Increasingly many senior citizens live younger than their age both in terms of their body and mind. There are even new terms referring to these people, such as “New Seniors” and “Old People With Active Life Styles” (or OPALS). These people are making various efforts to overcome aging and maintain their youth for a longer time. Companies can also learn from their example.
Corporations can prolong their life in the same way as individuals. Like people, they go through a life cycle of birth, growth, maturity and death. Organizations in the entrepreneurial and growing stages suffer many difficulties as they lack managerial resources and established systems. However, if they succeed in overcoming such stages and mature, they can secure an outstanding competitive edge. Unfortunately, the high spirits, competitive mindset and learning abilities of the early days can wither as companies get older. Companies come to rest on their laurels and lose vigor, eventually aging.
According to a McKinsey report, average corporate life spans shrank from 30 years on average in 1975 to 15 years in 2005. More than 80 percent of companies perish within 30 years of foundation.
The reason is that changes in the managerial environment have become so unpredictable that nobody can tell what will happen even in the near future. Such unpredictable changes have led even the world’s top companies to their downfall when they fail to adapt themselves to changes.

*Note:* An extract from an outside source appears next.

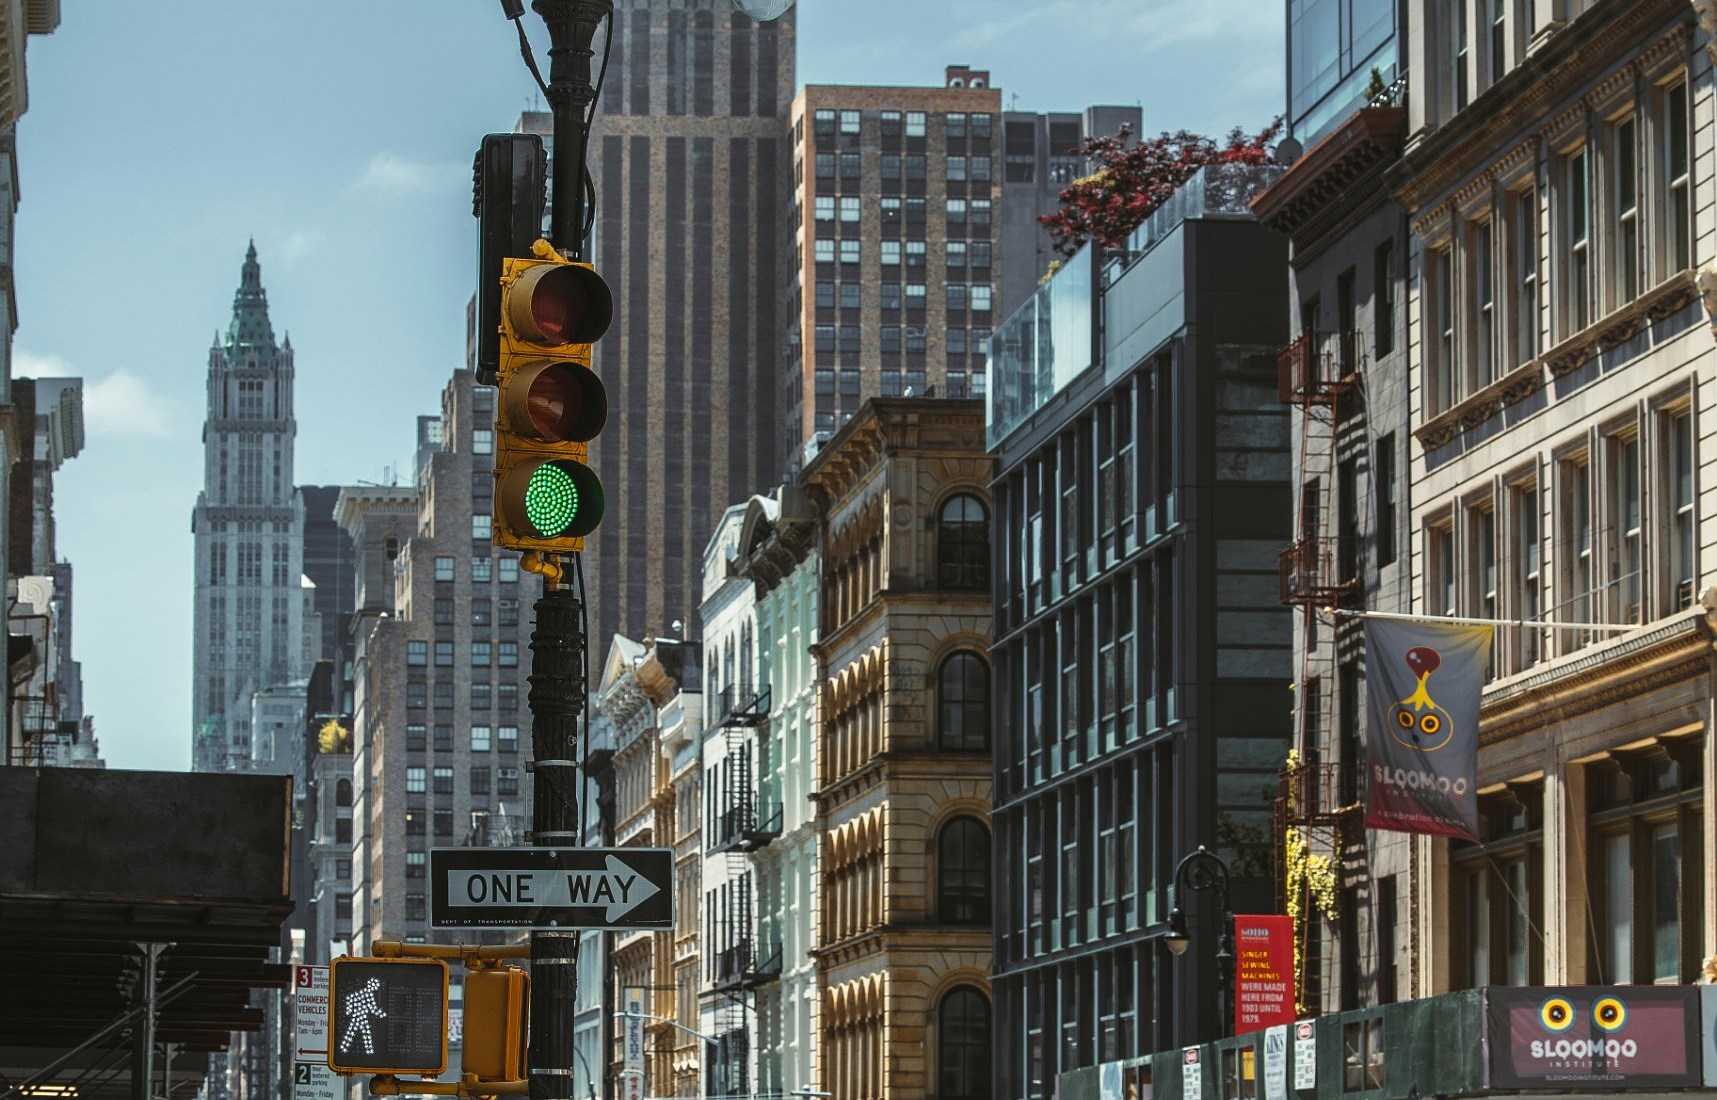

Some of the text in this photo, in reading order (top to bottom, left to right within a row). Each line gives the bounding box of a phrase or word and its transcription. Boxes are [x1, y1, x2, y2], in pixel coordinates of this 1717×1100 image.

Kodak, once the dominant leader in the film market, failed to adapt itself to a new era of digital cameras and smart devices and ended up filing for bankruptcy on Jan. 19. Fearful of eroding its share in the film market where it accounted for 85 percent of sales, Kodak decided not to commercialize the digital camera, even though it invented the technology. As a result, its stock price plummeted from about $100 in 1994 to 65 cents in 2011, turning into a “penny stock.” CNN Money lamented the collapse of the American icon.
PC maker Dell seems to be going along the same path. The once-dominant PC vendor rose to its status based on its new build-to-order business model, but later failed to recognize the potential of smartphones and began to retreat in 2006.
These companies share something in common. They were either overconfident about their existing methods and became indifferent to environmental changes, or rapidly aged as the organization became bureaucratic and inflexible.
Then how young are Korean companies? How does one go about answering this question?
In a survey in December 2011 on members of SERICEO, Samsung Economic Research Institute’s information service for company chiefs, 73.4 percent of companies that had been in business more than 20 years said their companies were at maturity or had reached old age.
Since a company usually lasts about 15 years on average, the results may be natural. What is worrisome, though, is that among those with less than 20 years’ history, 14.4 percent put themselves in this category. Only 4.1 percent considered themselves to be younger than their real age, and most of them thought they were older than their real age. That is because many companies have not maintained their youth despite a relatively short time in business.
To achieve sustainable growth by rapidly adapting to an unpredictable management environment, it is essential for companies to overcome aging and maintain youth. Rather than being content with previous success, they should be attentive to changes in the environment and respond nimbly and flexibly to successfully go through many challenges.
Although the average corporate life span is only 15 years, there are many long-lasting companies that have continued to thrive after 100 or even 200 years. The world’s leading chemical company DuPont recently celebrated its 219th anniversary while Louis Vuitton celebrated its 156th; GE its 120th; 3M its 110th; and IBM its 101st.
By Chung Kweon-taek
The author is vice president and director of Human Resources Research Department at the Samsung Economic Research Institute. This article was contributed by SERI. ― Ed.